Scientific classification
- Kingdom: Plantae
- Clade: Embryophytes
- Clade: Tracheophytes
- Clade: Spermatophytes
- Clade: Angiosperms
- Clade: Magnoliids
- Order: Canellales
- Family: Winteraceae
- Genus: Drimys
- Species: D. granadensis
- Binomial name: Drimys granadensis L.f.
- Synonyms: Drimys winteri f. granadensis (L.f.) Eichler; Wintera granadensis (L.f.) Murray;

= Drimys granadensis =

- Genus: Drimys
- Species: granadensis
- Authority: L.f.
- Conservation status: LC
- Synonyms: Drimys winteri f. granadensis (L.f.) Eichler, Wintera granadensis (L.f.) Murray

Species of flowering plant

Drimys granadensis is a broadleaf evergreen tree of family Winteraceae. it is native to tropical montane forests from Peru to southern Mexico.
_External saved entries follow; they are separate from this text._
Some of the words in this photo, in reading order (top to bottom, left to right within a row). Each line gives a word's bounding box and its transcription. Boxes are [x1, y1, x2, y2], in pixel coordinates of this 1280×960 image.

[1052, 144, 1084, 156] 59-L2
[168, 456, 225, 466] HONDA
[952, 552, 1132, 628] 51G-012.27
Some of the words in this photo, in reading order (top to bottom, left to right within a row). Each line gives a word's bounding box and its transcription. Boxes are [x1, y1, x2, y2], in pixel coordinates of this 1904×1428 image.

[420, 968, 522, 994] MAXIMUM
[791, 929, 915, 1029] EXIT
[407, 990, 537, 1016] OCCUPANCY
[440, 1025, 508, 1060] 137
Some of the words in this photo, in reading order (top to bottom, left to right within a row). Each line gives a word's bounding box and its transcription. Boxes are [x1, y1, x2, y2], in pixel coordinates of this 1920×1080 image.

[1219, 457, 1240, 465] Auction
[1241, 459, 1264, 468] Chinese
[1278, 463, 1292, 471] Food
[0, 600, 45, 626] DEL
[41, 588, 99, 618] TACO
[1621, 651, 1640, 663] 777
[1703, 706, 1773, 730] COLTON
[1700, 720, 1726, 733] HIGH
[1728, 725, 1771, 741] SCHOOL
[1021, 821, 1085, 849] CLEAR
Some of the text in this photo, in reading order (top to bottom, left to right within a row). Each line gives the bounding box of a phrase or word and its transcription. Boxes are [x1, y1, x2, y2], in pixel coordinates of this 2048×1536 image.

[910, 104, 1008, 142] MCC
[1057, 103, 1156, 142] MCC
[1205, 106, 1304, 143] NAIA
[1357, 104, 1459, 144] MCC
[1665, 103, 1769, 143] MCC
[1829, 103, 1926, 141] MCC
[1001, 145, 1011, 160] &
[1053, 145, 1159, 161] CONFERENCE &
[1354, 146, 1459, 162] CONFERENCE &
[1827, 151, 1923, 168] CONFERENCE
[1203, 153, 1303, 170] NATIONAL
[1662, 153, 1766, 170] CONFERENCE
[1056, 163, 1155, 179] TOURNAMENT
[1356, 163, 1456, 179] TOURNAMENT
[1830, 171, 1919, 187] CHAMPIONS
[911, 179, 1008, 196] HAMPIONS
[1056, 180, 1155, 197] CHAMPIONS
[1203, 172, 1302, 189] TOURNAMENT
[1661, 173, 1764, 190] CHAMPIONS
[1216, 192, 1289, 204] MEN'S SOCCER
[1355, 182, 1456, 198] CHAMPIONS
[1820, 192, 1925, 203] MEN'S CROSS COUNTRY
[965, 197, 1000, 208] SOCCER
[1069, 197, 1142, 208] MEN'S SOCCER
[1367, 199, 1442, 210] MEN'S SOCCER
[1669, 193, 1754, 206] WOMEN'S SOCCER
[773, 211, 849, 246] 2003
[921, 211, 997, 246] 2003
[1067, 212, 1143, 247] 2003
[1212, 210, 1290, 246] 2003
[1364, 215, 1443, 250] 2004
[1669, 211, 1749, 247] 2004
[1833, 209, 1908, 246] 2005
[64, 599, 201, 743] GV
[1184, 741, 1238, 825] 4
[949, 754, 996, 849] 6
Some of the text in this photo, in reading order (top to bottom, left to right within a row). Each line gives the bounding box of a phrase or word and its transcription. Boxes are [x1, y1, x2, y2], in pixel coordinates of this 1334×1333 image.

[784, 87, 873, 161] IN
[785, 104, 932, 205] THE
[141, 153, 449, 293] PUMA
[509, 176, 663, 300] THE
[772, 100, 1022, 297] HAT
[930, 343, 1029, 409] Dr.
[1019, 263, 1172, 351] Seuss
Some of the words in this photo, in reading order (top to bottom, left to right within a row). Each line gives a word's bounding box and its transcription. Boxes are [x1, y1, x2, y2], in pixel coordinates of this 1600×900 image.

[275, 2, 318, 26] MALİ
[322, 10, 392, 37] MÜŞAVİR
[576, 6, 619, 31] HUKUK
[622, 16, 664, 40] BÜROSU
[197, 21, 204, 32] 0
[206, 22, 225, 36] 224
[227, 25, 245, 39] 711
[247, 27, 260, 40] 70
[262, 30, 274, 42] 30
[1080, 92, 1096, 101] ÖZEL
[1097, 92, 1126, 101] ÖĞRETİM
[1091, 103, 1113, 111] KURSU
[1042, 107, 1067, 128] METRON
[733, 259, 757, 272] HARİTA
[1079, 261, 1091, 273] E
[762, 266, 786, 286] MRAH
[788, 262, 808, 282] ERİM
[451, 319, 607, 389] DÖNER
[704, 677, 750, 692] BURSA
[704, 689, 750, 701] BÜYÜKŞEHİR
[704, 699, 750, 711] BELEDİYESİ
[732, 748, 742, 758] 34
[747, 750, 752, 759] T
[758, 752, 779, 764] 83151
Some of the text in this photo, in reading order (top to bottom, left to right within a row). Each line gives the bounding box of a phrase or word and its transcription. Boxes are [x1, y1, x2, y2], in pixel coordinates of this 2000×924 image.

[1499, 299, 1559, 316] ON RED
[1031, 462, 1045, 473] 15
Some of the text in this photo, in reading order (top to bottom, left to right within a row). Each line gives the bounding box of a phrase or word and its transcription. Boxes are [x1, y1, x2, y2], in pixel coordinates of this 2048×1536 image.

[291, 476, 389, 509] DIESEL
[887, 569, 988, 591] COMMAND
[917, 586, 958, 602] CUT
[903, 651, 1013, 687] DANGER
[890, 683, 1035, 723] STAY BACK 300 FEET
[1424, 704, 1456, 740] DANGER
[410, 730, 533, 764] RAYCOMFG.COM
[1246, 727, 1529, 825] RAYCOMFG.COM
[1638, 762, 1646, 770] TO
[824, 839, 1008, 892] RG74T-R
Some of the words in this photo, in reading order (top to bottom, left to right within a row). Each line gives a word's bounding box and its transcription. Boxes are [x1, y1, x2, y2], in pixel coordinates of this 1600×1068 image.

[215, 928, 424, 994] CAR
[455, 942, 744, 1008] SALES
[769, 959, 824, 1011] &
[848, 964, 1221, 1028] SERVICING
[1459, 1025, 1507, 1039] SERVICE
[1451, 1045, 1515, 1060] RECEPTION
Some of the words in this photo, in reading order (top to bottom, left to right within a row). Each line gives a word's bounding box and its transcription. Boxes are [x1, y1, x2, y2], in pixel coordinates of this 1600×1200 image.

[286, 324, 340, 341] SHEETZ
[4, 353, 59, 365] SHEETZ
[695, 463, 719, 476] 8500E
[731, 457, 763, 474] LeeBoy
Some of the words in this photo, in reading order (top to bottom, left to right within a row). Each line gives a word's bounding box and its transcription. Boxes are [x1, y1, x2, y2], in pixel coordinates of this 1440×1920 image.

Common names in Mexico include al-ca-puc, cashiquec, chachaca, chilillo, palo picante, palo de chile, yaga-bziga, and vaya-yiña.

==Description==
Drimys granadensis is an evergreen shrub or small tree, up to 12 meters tall, with large white flowers.

==Range and habitat==
Drimys granadensis ranges from Peru through Ecuador, Colombia, Venezuela, and Central America to eastern and southern Mexico. It is typical of mature montane cloud forests of the Northern Andes, Central American Cordillera, and the mountains of southern Mexico.

In southern Mexico it is found in cloud forests, and in riparian zones and well-watered ravines in humid oak forests and pine–oak forests, from 1,100 to 3,300 meters elevation.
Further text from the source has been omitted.